» Data shown

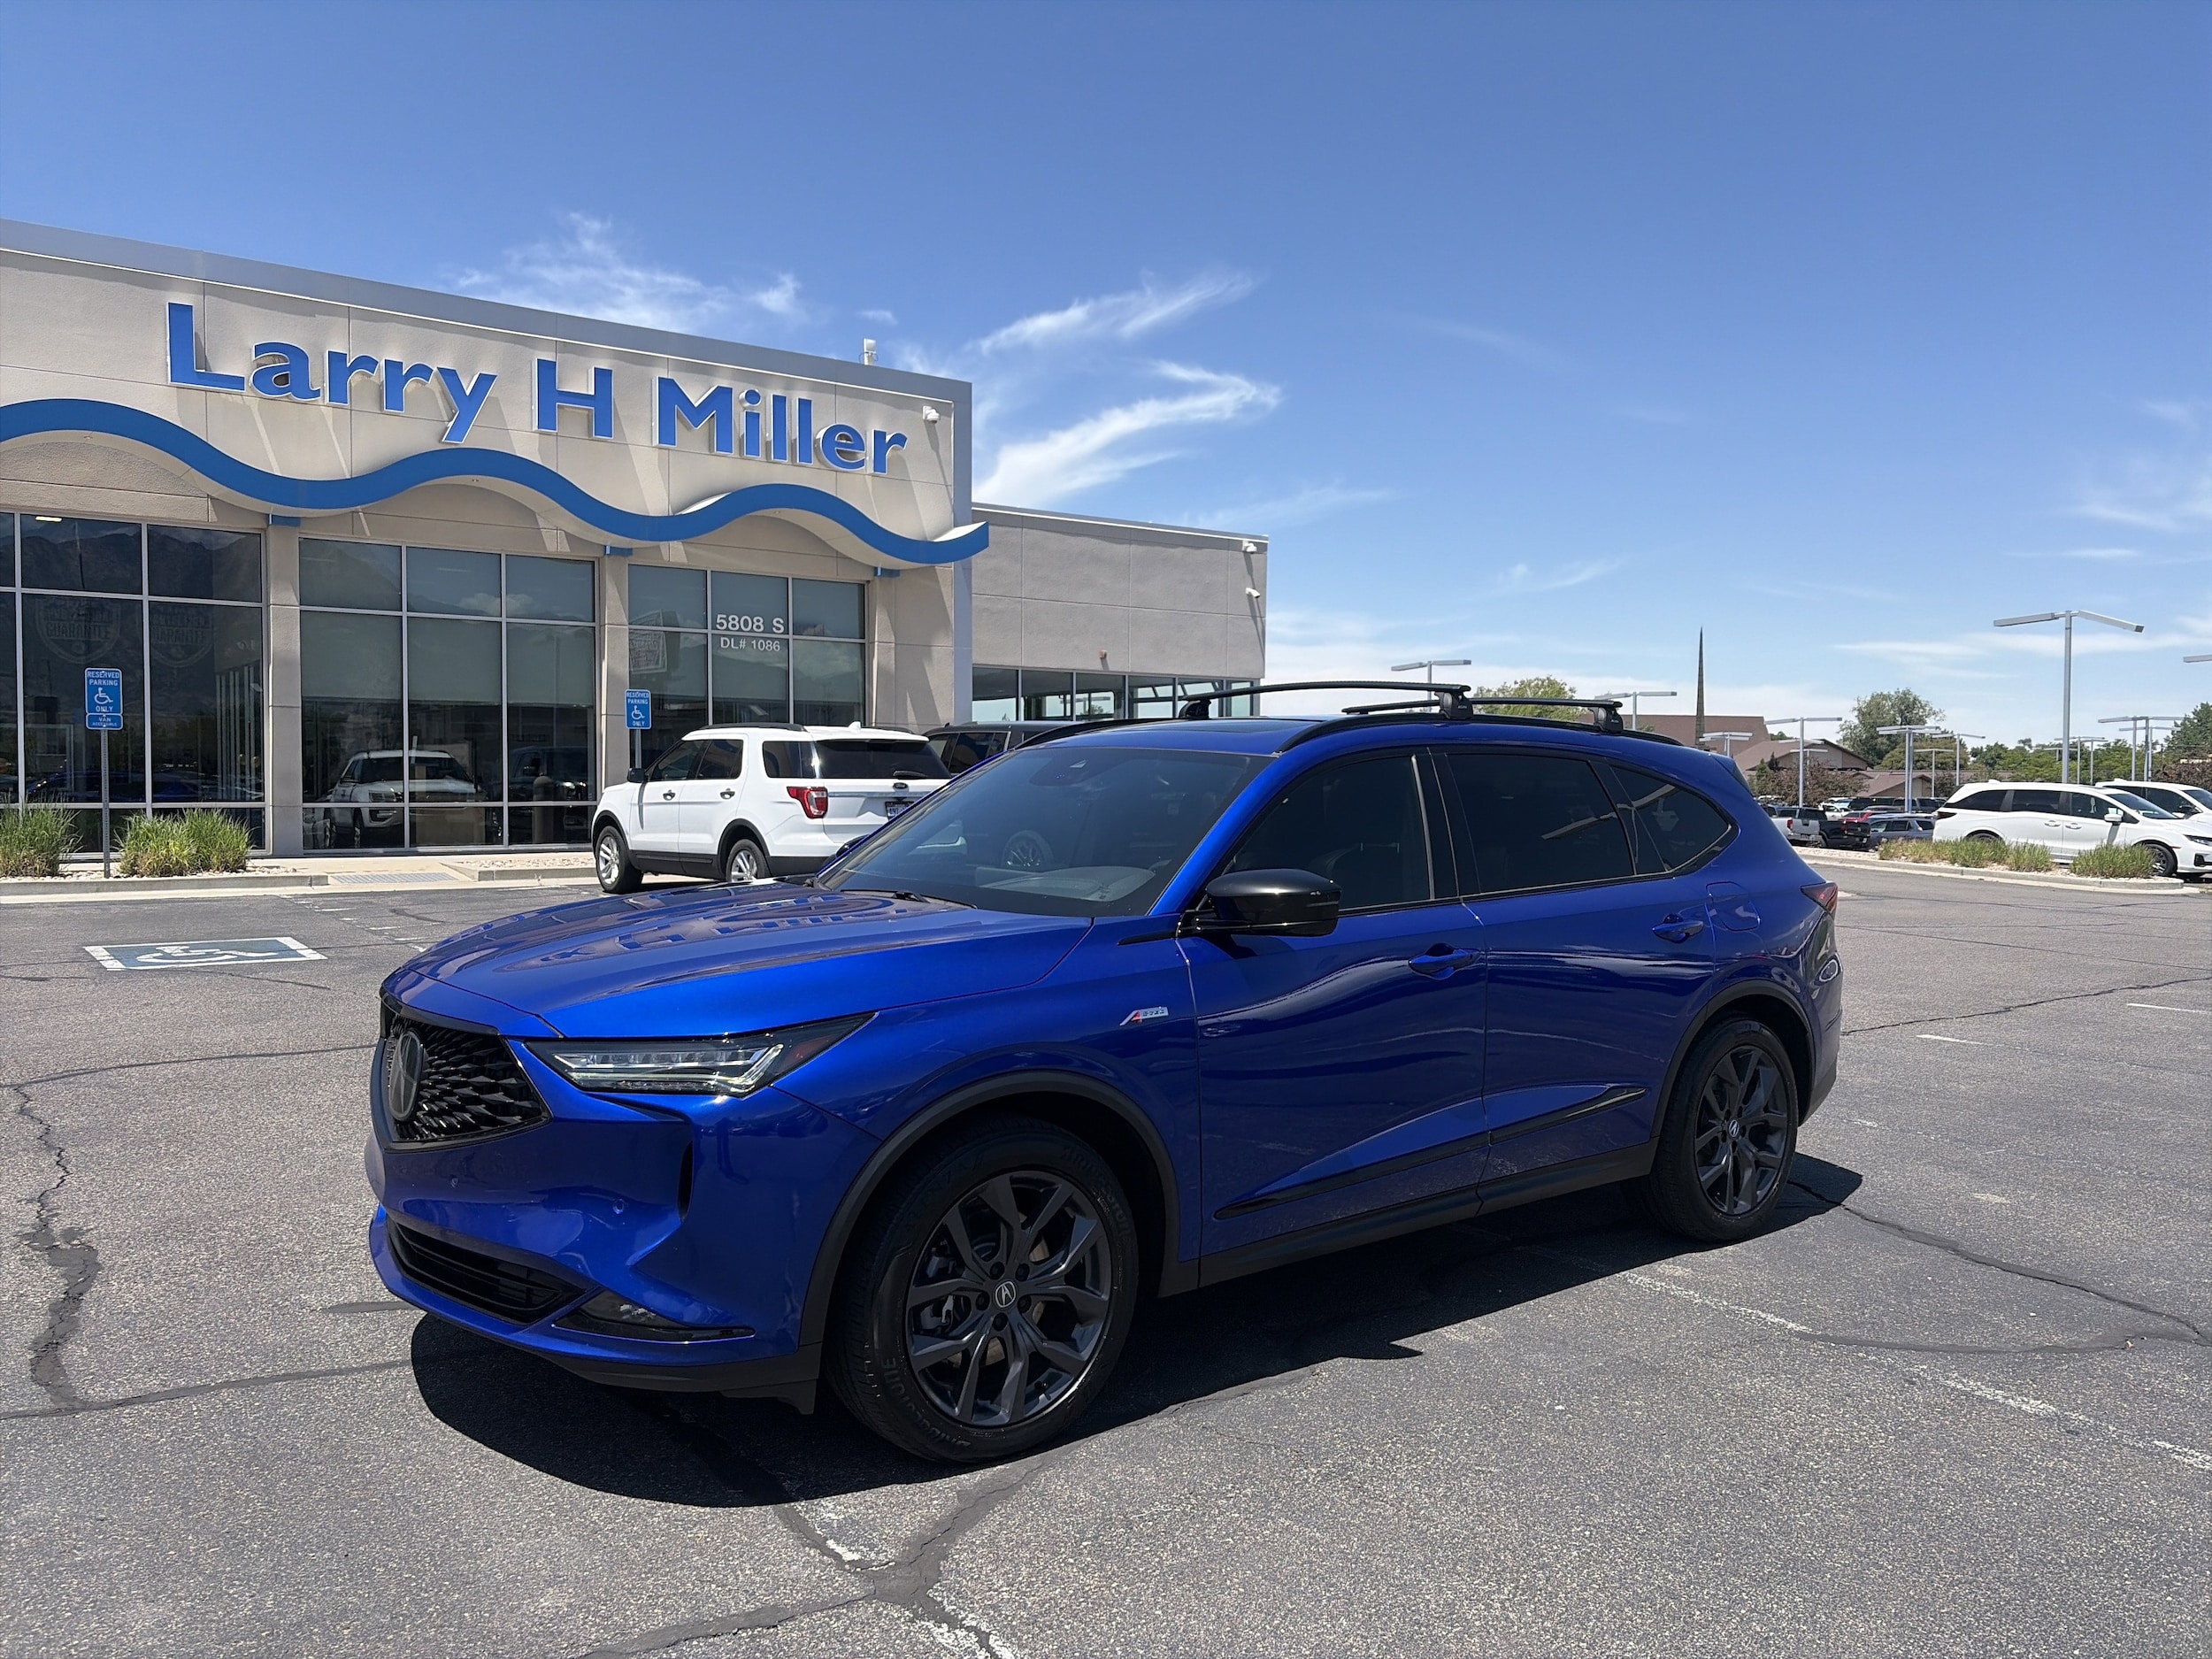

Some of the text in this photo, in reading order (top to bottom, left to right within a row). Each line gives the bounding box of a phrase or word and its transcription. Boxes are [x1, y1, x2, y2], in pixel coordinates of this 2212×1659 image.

[167, 302, 908, 474] Larry H Miller
[716, 614, 785, 634] 5808 S
[720, 637, 780, 652] DL# 1086
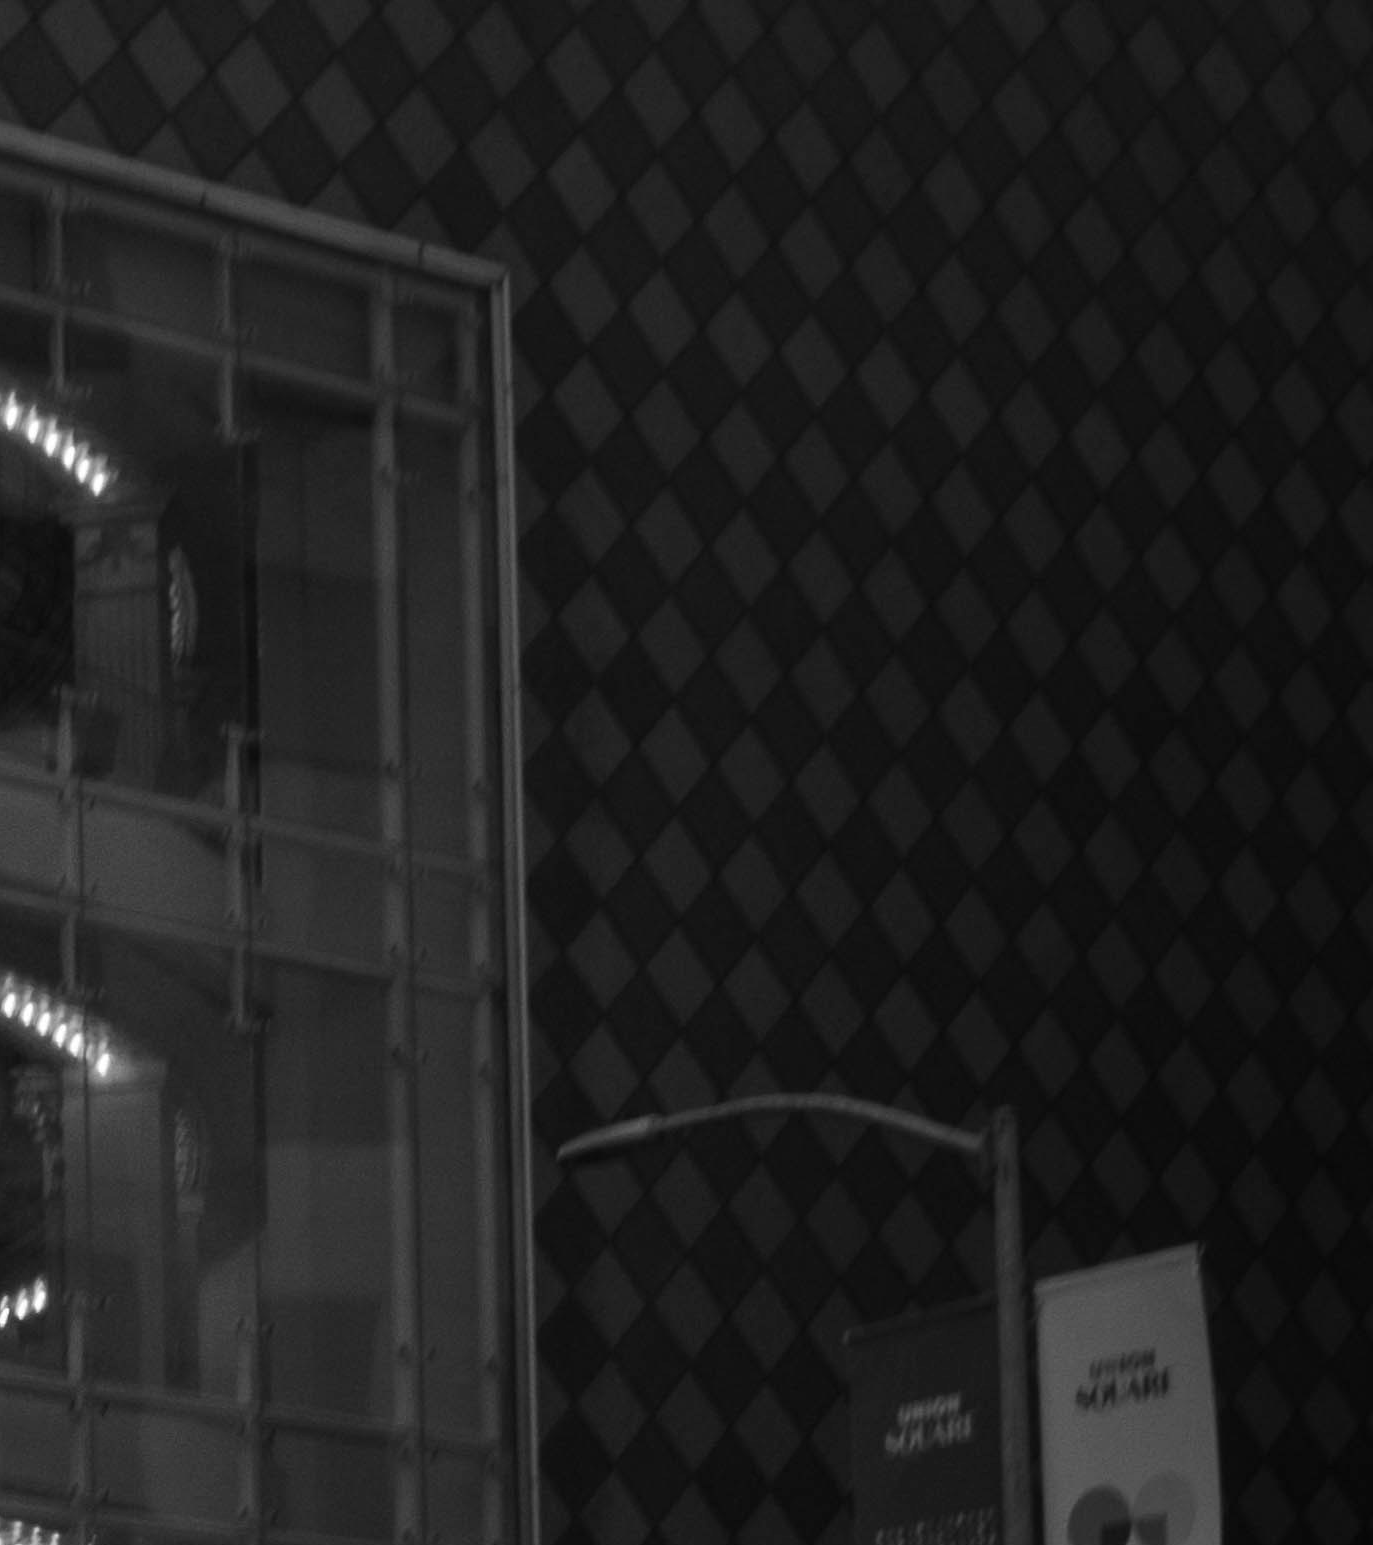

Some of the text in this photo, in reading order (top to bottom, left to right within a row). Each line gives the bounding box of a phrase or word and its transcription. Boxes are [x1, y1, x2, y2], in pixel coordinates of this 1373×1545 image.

[1088, 1347, 1156, 1381] UNION
[896, 1390, 963, 1427] UNION
[1075, 1365, 1170, 1411] SQUARE
[884, 1411, 973, 1457] SQUARE

» What the exercise asks
Leave out every line ahead of the one containing "this 1373×1545 image." and print the rest of the listing exactly.

» Task result
Some of the text in this photo, in reading order (top to bottom, left to right within a row). Each line gives the bounding box of a phrase or word and its transcription. Boxes are [x1, y1, x2, y2], in pixel coordinates of this 1373×1545 image.

[1088, 1347, 1156, 1381] UNION
[896, 1390, 963, 1427] UNION
[1075, 1365, 1170, 1411] SQUARE
[884, 1411, 973, 1457] SQUARE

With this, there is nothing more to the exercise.